I continue to think about all the love I have for the woman before me, how lucky I am to call her mine - though never will I say it aloud, I appreciate having all of my body parts in one piece. She would call me soft, or even a Hufflepuff, if I did say any of these things aloud. Well, at least if I ever deemed to say it in front of anyone in her family. Merlin help me if George or Ron hears me swoon over their baby sister, no holds will be barred. Bill would probably give me a knowing look. Percy probably wouldn't comment either way. Charlie though, well he'd probably use me as dragon bait.

I don't hear the Healer enter, tray of potions in hand. "Mister Potter," the older wizard says quietly so not to wake my wife hopefully, "you'll only be here for a more few days, three at most. If you want, your wife can stay here with you. You know we can transform the chair into a couch or at least a more comfortable chair if you wish?"

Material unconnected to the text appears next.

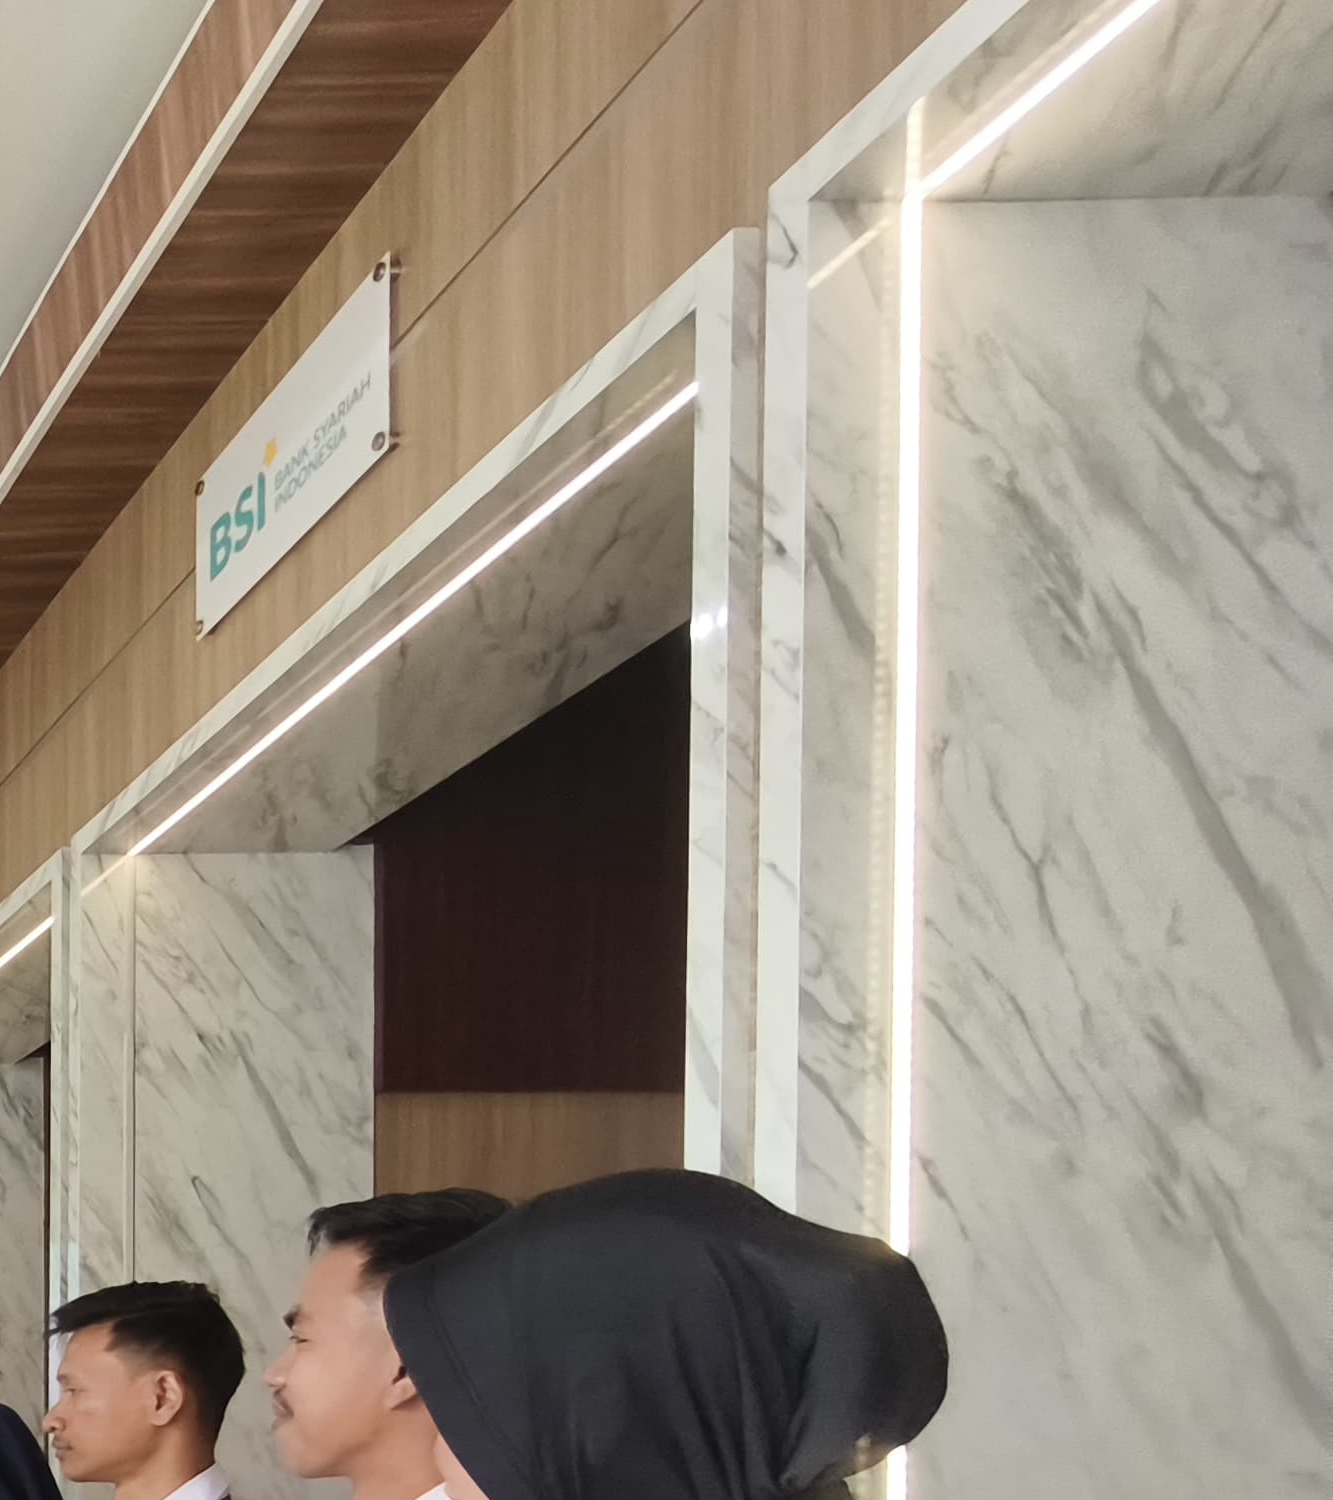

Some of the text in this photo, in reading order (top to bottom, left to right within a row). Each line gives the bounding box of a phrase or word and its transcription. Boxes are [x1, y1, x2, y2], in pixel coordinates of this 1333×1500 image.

[275, 370, 371, 492] BANK SYARIAH
[275, 425, 347, 513] INDONESIA
[210, 472, 266, 582] BSI

I nod my ascent as I look down at the multitude of potions before me, various colors swirling around in their small bottles. "One of these isn't Veritaserum is it?"

The Healer chuckles and shakes his head as he explains my potions regiment for the next few days - two separate pain potions; a bone regrowth potion; a strong blood replenishment potion, and that is where I lost track. It must have been a serious fall to justify all these, but I don't remember much about it. The Healer also said something about a serious concussion, which is the reason I have been made to stay in the hospital instead of recuperating at home or at the Burrow under my mother-in-law's mothering.

I thoroughly study each of the potions as they are given to me, because it is only under Veritaserum that I would state how much the witch before me really has given for me - even if I only say it to myself. I mentally take note that I need to get her flowers, or a girl's day, just to say 'thank you'. And I should say thank you much more often to this warrior princess before me.

Because the truth really comes out at the lowest of times. And under the influence of potions.